Transcribe the whole listing below. Pictures do not go in the copy.

____

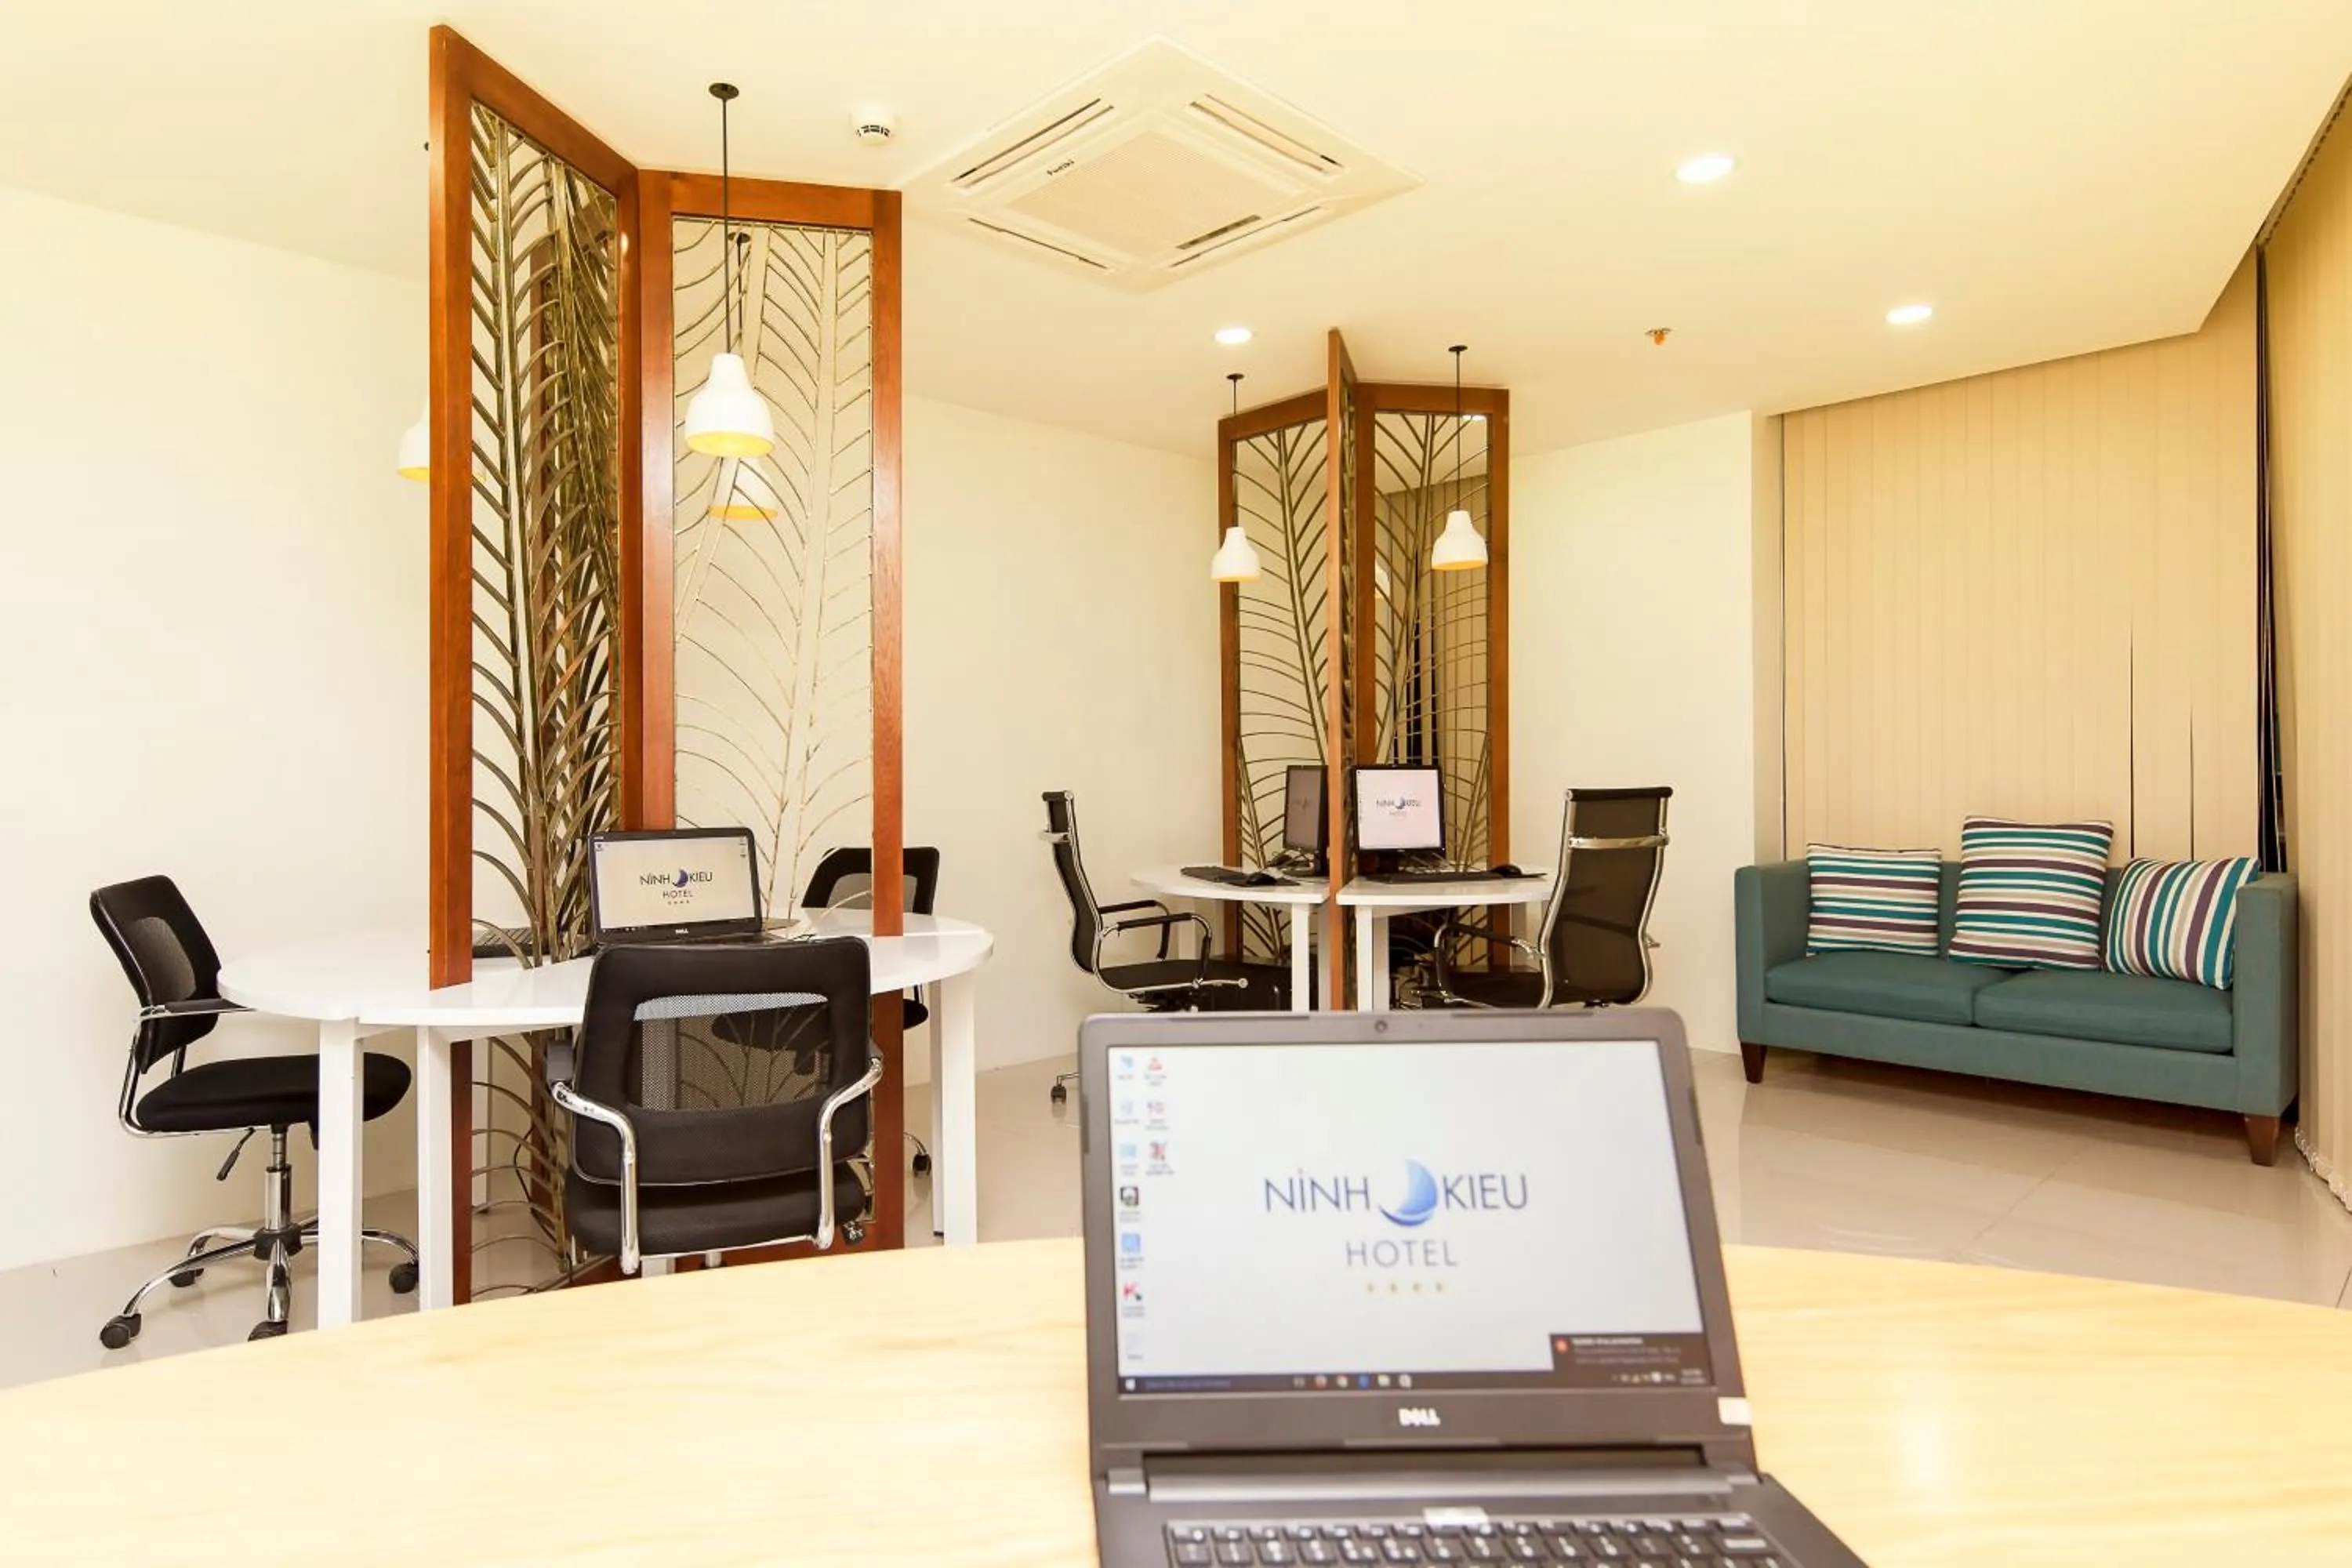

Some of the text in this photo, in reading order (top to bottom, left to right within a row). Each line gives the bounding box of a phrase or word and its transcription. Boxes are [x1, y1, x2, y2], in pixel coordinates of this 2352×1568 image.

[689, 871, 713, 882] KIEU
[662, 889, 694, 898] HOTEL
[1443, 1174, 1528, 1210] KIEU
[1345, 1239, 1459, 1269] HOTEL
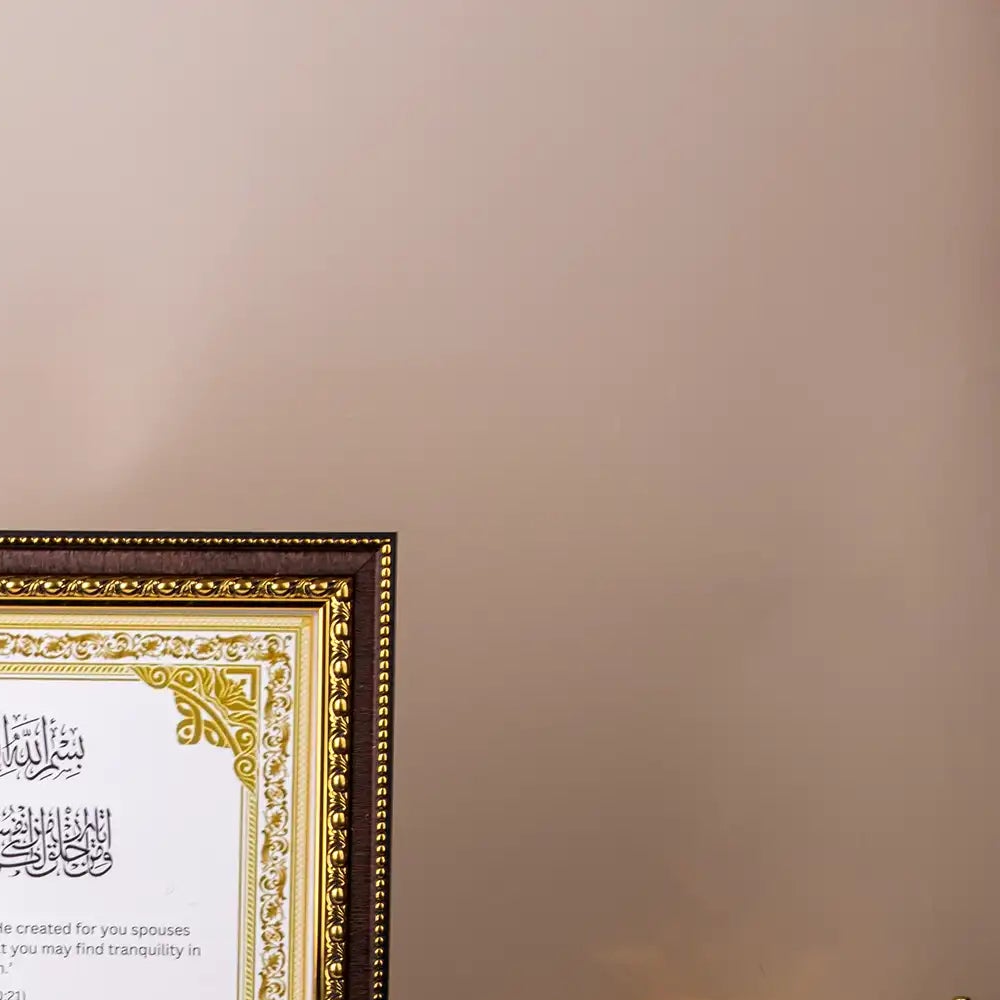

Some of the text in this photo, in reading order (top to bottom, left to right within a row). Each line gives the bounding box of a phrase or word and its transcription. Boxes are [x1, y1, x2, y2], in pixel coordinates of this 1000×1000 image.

____

• [ANSWER TO THE PROBLEM]:
Some of the text in this photo, in reading order (top to bottom, left to right within a row). Each line gives the bounding box of a phrase or word and its transcription. Boxes are [x1, y1, x2, y2], in pixel coordinates of this 2352×1568 image.

[689, 871, 713, 882] KIEU
[662, 889, 694, 898] HOTEL
[1443, 1174, 1528, 1210] KIEU
[1345, 1239, 1459, 1269] HOTEL

Some of the text in this photo, in reading order (top to bottom, left to right within a row). Each line gives the bounding box of a phrase or word and its transcription. Boxes are [x1, y1, x2, y2], in pixel coordinates of this 1000×1000 image.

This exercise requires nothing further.